O que vais fazer com o amor que te sobra? - a história do cantor e compositor argentino, nomeado Mensageiro da Paz Mundial pela UNESCO, Facundo Cabral
Às vezes, uma citação ou uma frase tornam-se as chaves que abrem o coração humano. E a frase que encabeça esta reflexão é aquela que sustenta tudo o que vou partilhar agora, na esperança de que nos faça refletir sobre o assunto, pelo menos durante toda a semana.
O bom de ter amigos é que há sempre algum de plantão, disposto a partilhar histórias exemplares que enchem o coração. Pois bem, um deles contou-me uma história sobre Facundo Cabral que não deixa ninguém indiferente, e por isso não posso guardá-la só para mim, pensando naqueles que ainda não a conhecem. Ou, se a conhecem, vale a pena relembrá-la.
Este cantor e compositor argentino foi nomeado Mensageiro da Paz Mundial pela UNESCO (1996) e nomeado para o Prémio Nobel da Paz (2008). A verdade é que, até chegar aqui, ele passou por uma provação terrível. Em 1978, a sua esposa e a sua filha faleceram num acidente de avião, tendo-se ele salvado por ter perdido a ligação do voo fatídico. A partir daí, a sua vida foi um inferno emocional e até físico, desejando a morte a cada momento. Mas ele observou que, enquanto morria de dor, «milhares de pessoas recuperavam a vontade de viver através das suas canções», nas palavras do meu amigo.
Em pleno luto, contactou Madre Teresa de Calcutá em busca de força espiritual para se levantar todos os dias. E num desses encontros, a santa em vida e Prémio Nobel da Paz pouco depois do acidente aéreo (1979), depois de ouvir Facundo, fez-lhe esta pergunta: «Ora... agora sim estás em apuros: onde vais colocar o amor que te sobra?»
Imagino a expressão do pobre Facundo. O meu amigo acredita que aquela pergunta deve ter ressoado nos seus ouvidos como «um golpe de machado num tronco vivo»; e não era de admirar. Facundo Cabral ficou com Madre Teresa de Calcutá, ajudando durante algum tempo em tarefas humanitárias e cristãs junto dos mais pobres entre os pobres.

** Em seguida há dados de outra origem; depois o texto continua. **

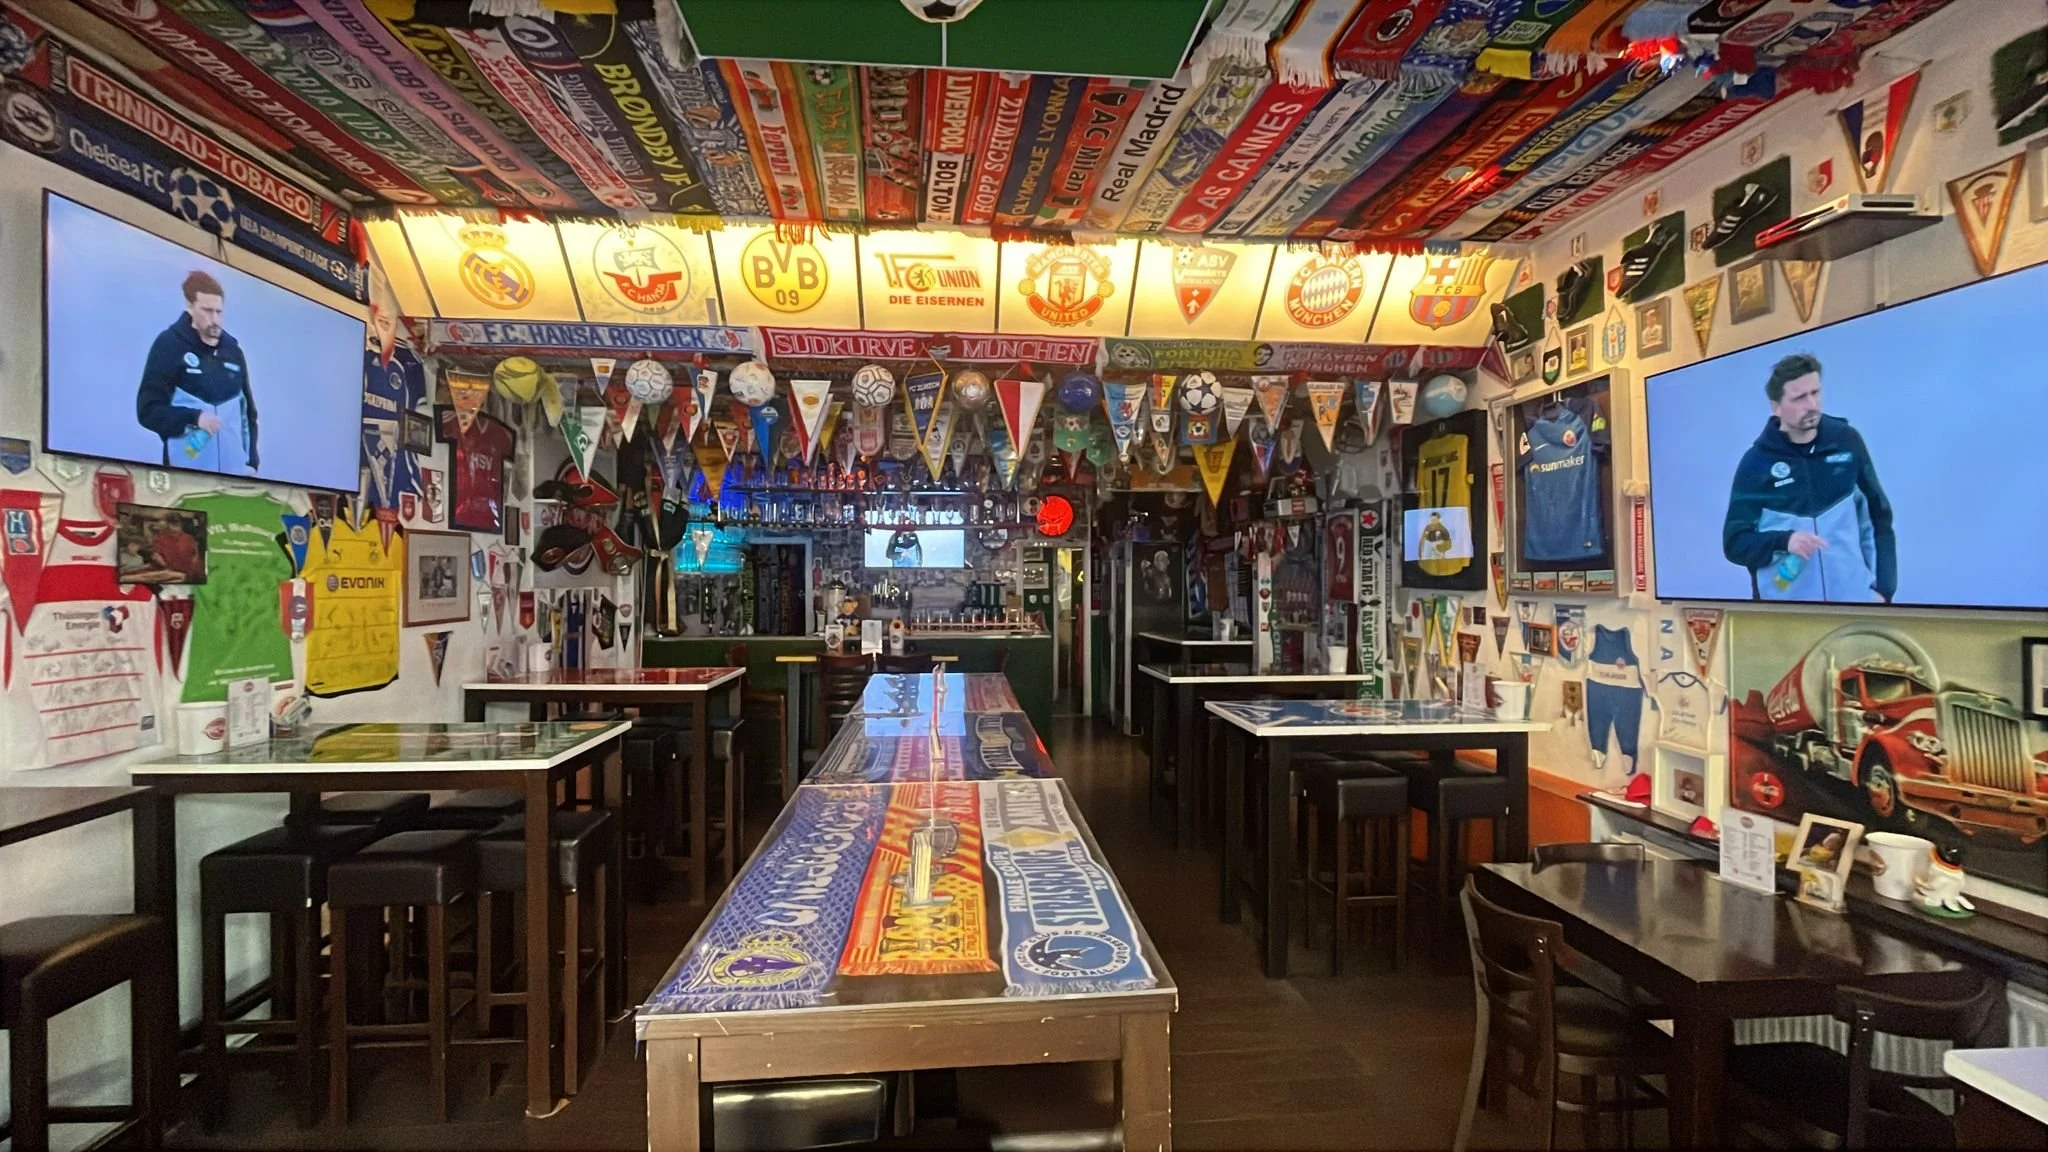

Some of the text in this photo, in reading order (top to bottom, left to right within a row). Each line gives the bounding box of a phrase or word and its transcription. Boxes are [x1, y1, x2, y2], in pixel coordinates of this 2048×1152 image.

[418, 85, 453, 118] de
[940, 75, 973, 153] LIVERPOOL
[71, 60, 312, 220] TRINIDAD-TOBAGO
[594, 62, 692, 188] BRØNDBY IF
[1101, 160, 1138, 203] Real
[1124, 84, 1187, 157] Madrid
[69, 127, 166, 194] Chelsea FC
[761, 125, 793, 177] Ferrari
[1013, 76, 1073, 216] OLYMPIQUE LYONNA
[1067, 108, 1117, 193] AC Milan
[1198, 184, 1229, 210] AS
[1221, 100, 1303, 182] CANNES
[1481, 102, 1647, 210] OLYMPIQUE
[1570, 141, 1649, 185] BRUGGE
[933, 160, 958, 213] BOLTON
[974, 175, 1000, 217] HOPP
[752, 239, 820, 290] BVB
[936, 268, 982, 289] UNION
[1196, 255, 1231, 268] ASV
[1294, 254, 1363, 287] FC BAYERN
[636, 283, 666, 302] HANSA
[775, 289, 800, 307] 09
[889, 295, 985, 307] DIE EISERNEN
[1040, 302, 1089, 323] UNITED
[1287, 299, 1354, 326] MÜNCHEN
[531, 323, 602, 346] HANSA
[609, 325, 706, 349] ROSTOCK
[774, 333, 1089, 362] SÜDKURVE MÜNCHEN
[1154, 347, 1240, 359] FORTUNA
[1312, 351, 1378, 362] BAYERN
[1540, 453, 1585, 473] sunmaker
[1431, 467, 1451, 508] 17
[341, 577, 385, 589] EVONIK
[1361, 537, 1374, 596] RED STAR FC
[1362, 610, 1374, 623] AS
[1004, 782, 1048, 827] AMIENS
[993, 849, 1028, 912] FINALE COUPE
[1013, 849, 1105, 927] STRASBOURG
[1093, 879, 1108, 889] 26

A pergunta em questão tem uma profundidade espiritual inquestionável: aquele amor que o nosso cantor e compositor irradiava para a sua mulher e a sua filha perdeu-se na mais absoluta escuridão vital. E, no entanto, Madre Teresa de Calcutá conseguiu ativar o amor que somos para se tornar a chave mestra que ativou as suas melhores qualidades humanas, voando ainda mais alto do que tinha conseguido antes do fatal acidente.

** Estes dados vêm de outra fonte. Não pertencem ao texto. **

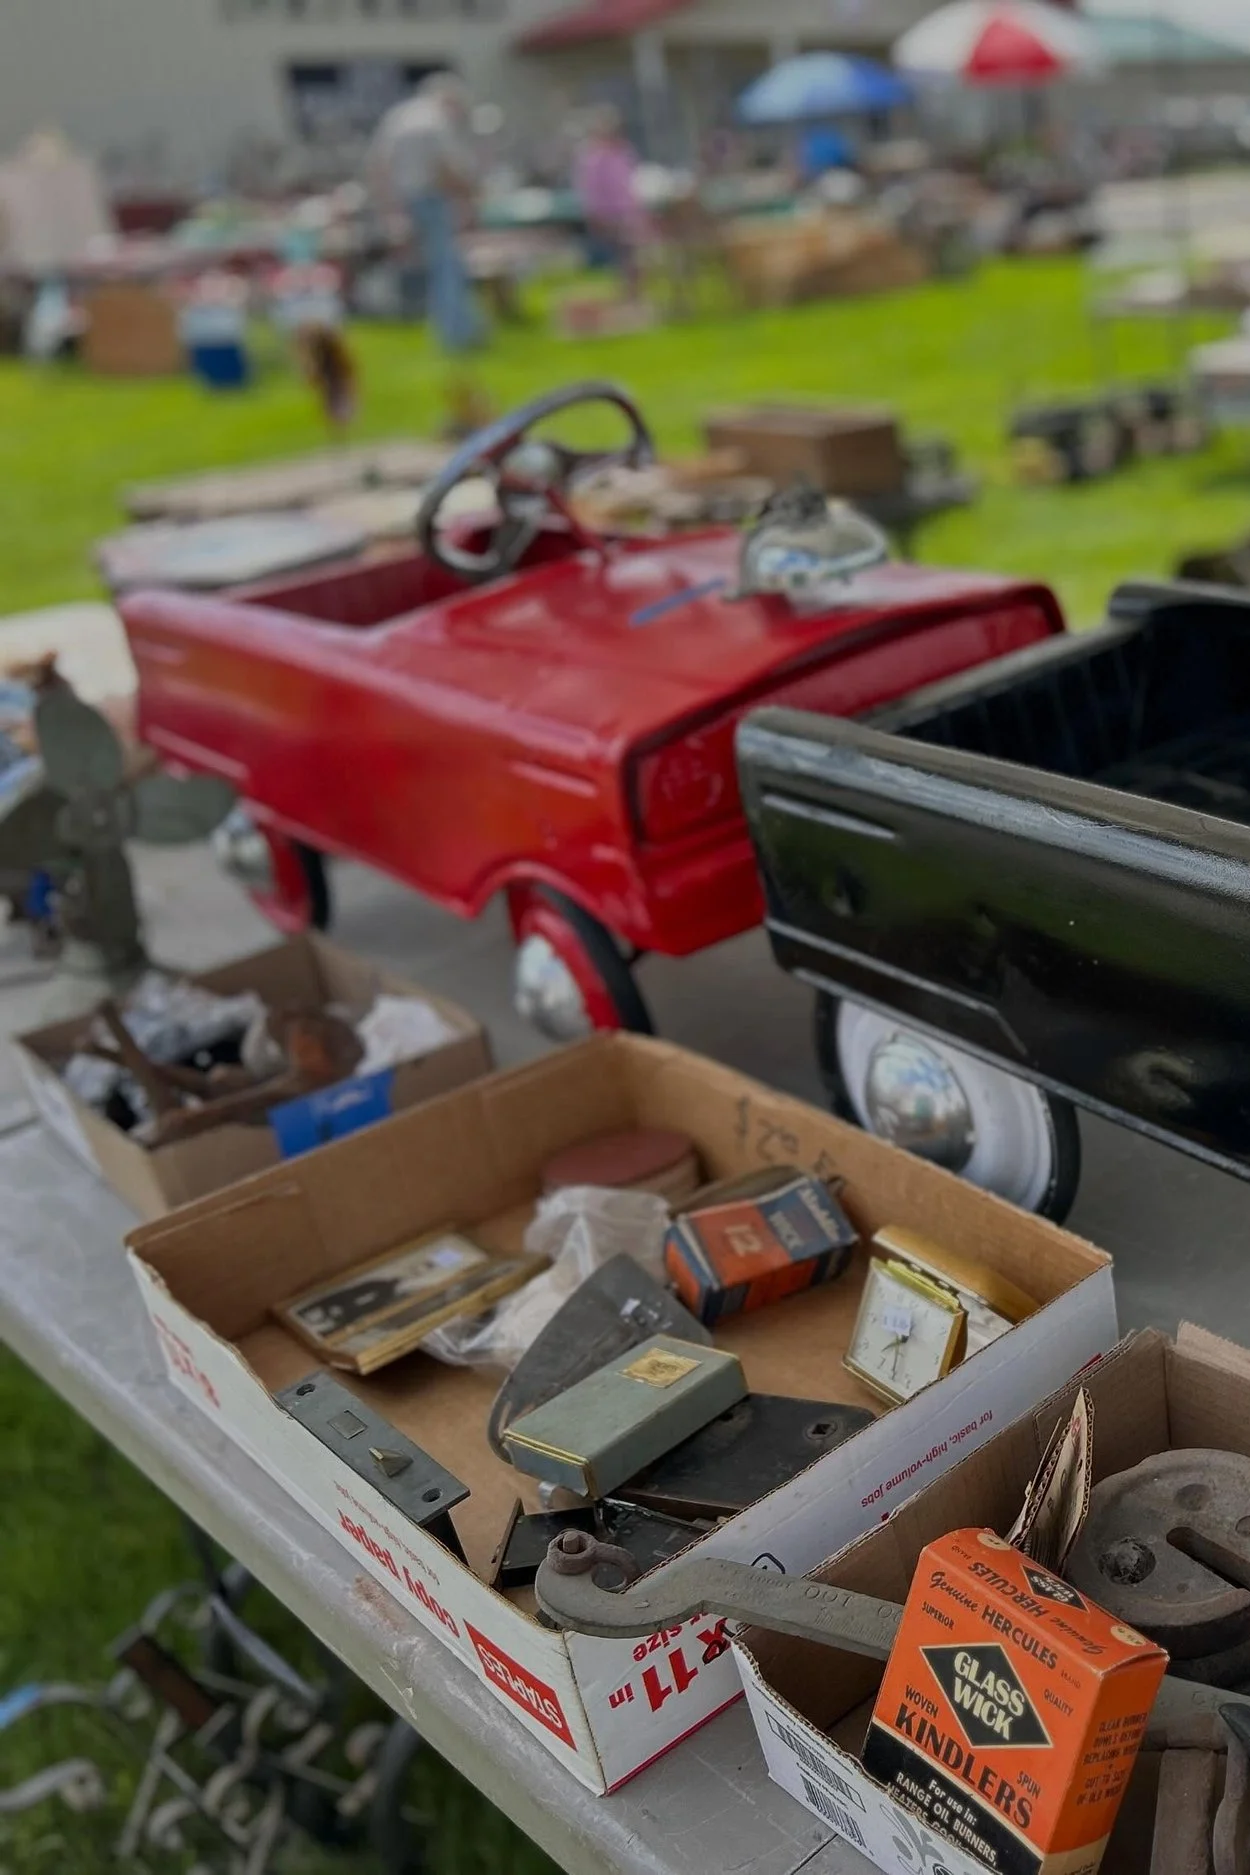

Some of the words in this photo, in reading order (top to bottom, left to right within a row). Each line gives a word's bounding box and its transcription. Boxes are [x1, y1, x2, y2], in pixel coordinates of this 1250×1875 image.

[949, 1421, 978, 1445] basic,
[979, 1409, 994, 1426] for
[885, 1441, 948, 1491] high-volume
[861, 1481, 885, 1508] jobs
[336, 1507, 402, 1582] paper
[402, 1564, 461, 1639] copy
[967, 1561, 1049, 1618] HERCULES
[1030, 1575, 1069, 1603] GLASS
[921, 1601, 955, 1631] SUPERIOR
[929, 1571, 978, 1612] Genuine
[981, 1604, 1058, 1670] HERCULES
[1050, 1615, 1104, 1655] Genuine
[632, 1624, 683, 1663] size
[476, 1642, 563, 1730] STAPLES
[608, 1682, 635, 1710] in
[641, 1647, 699, 1713] 11
[905, 1684, 939, 1718] WOVEN
[953, 1651, 1025, 1718] GLASS
[1043, 1687, 1074, 1718] QUALITY
[952, 1678, 1014, 1741] WICK
[895, 1703, 1034, 1830] KINDLERS
[1016, 1771, 1042, 1800] SPUN
[896, 1771, 933, 1807] RANGE
[933, 1802, 950, 1825] OIL
[952, 1818, 998, 1867] BURNERS,
[928, 1779, 946, 1798] For
[946, 1796, 963, 1815] use
[963, 1807, 978, 1827] in:

O contexto também me parece importante. Facundo Cabral era considerado um «rojero» porque, como bom cantor e compositor da época, fazia denúncia social com os poemas que cantava tão bem. Ai, os preconceitos… Chegou a ser uma referência antes e depois do acidente, história que eu desconhecia. Porque a primeira coisa que ele fez depois de ouvir a frase da Madre Teresa foi colocar o amor que lhe sobrava no cuidado daqueles que as Missionárias da Caridade atendiam.

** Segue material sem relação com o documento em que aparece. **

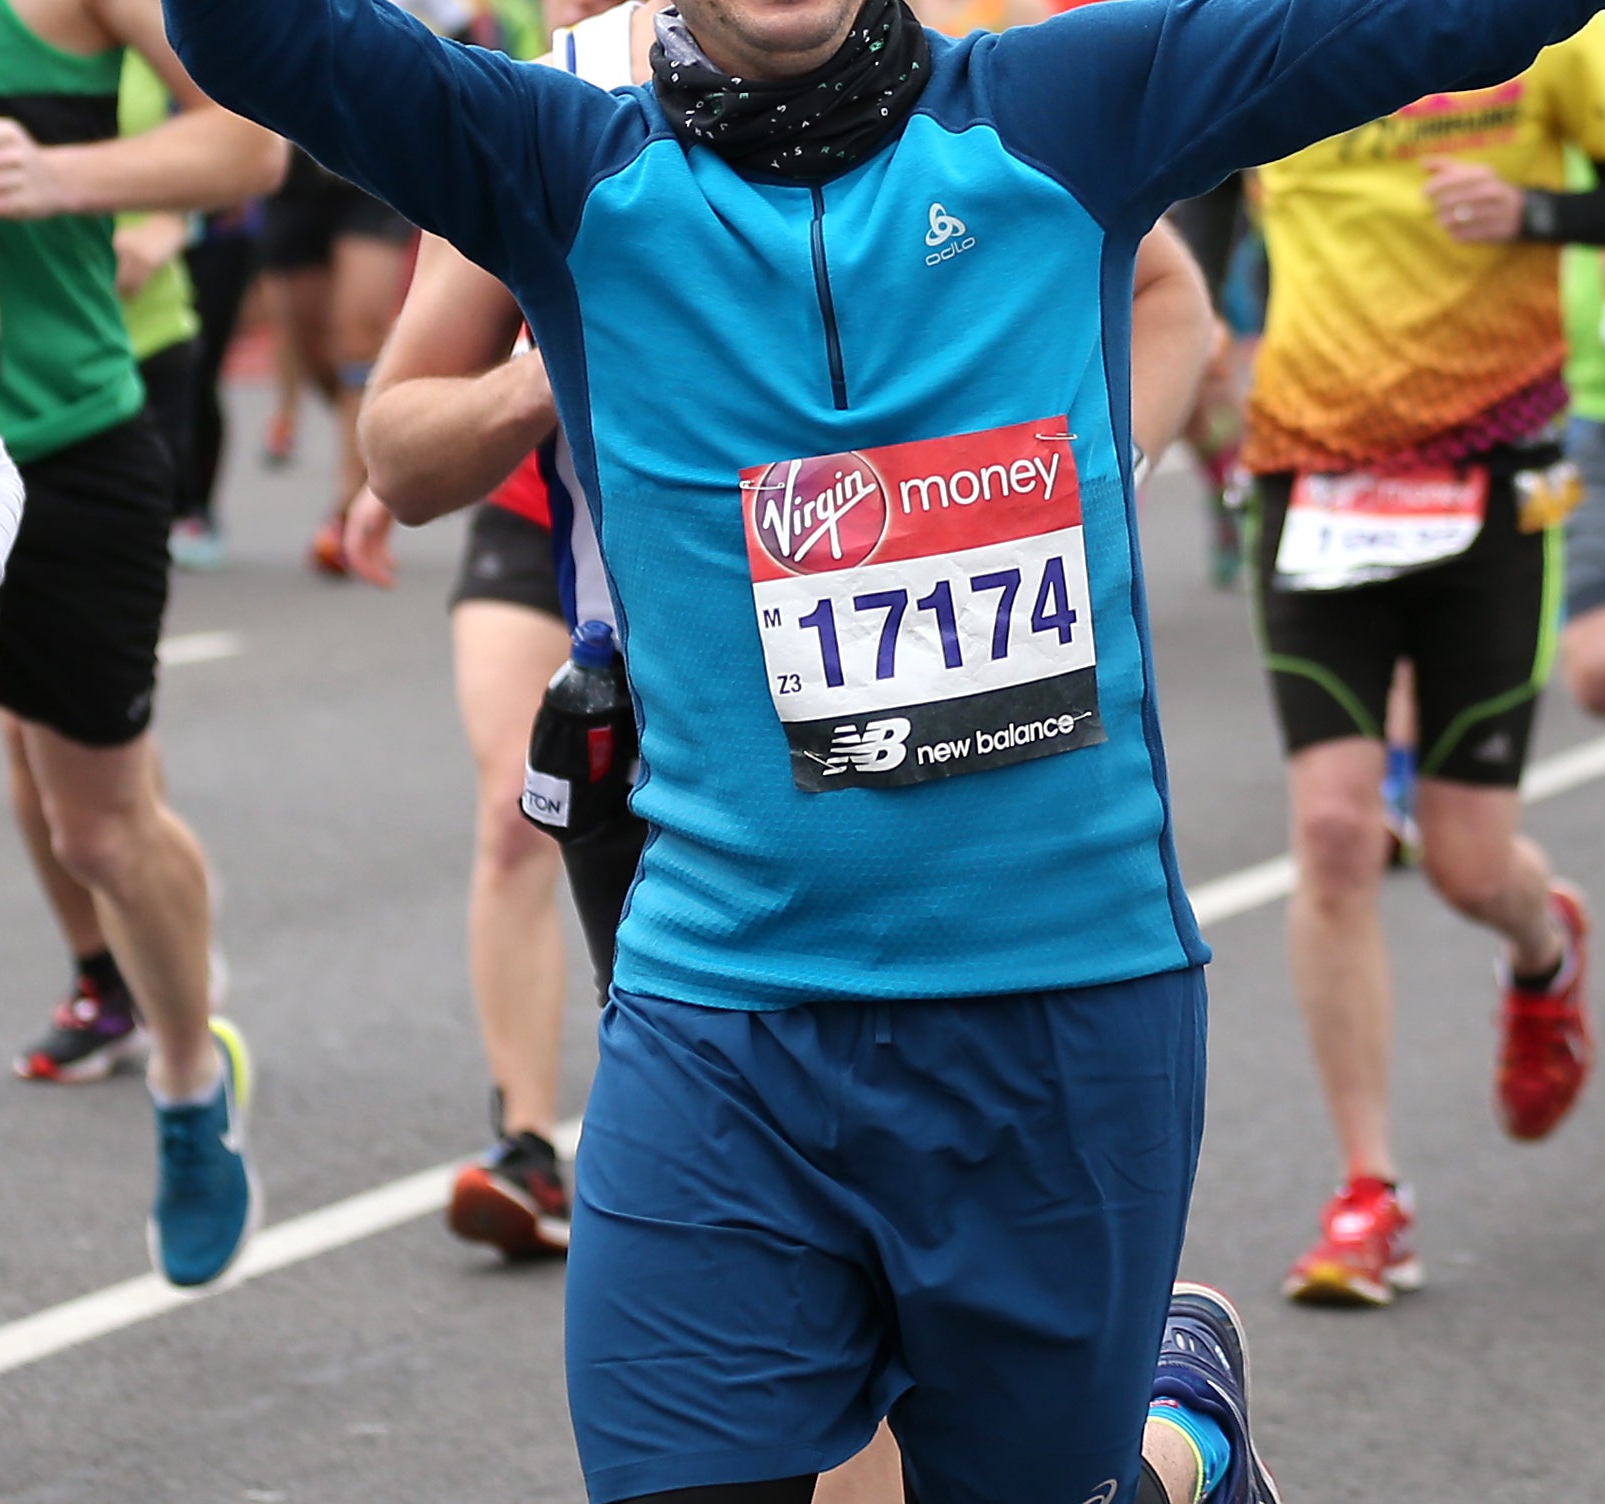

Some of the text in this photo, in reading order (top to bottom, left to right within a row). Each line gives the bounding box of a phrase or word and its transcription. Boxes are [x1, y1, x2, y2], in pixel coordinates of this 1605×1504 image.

[925, 236, 976, 267] odlo
[762, 451, 1061, 563] Virgin money
[762, 607, 782, 630] M
[797, 556, 1077, 691] 17174
[776, 674, 802, 696] Z3
[917, 736, 971, 766] new
[976, 712, 1077, 756] balance

Se todos precisamos de ser amados, é igualmente verdade que todos temos a necessidade de amar, de nos dedicarmos a outras pessoas. Sobretudo, quando os dons que o nosso coração guarda, num dia mau, carecem de destinatário. Mas não só nessa altura... Quantas vezes nos sobra amor porque o mantemos trancado a sete chaves? Aí talvez fosse melhor dizer «o amor que te falta» ao prescindires insensatamente da experiência de te sentires útil, de contribuíres para aliviar o sofrimento de alguém, mesmo que minimamente. Fica sempre dentro de nós algo pelo qual vale a pena existir: ativar o amor, a felicidade dos outros.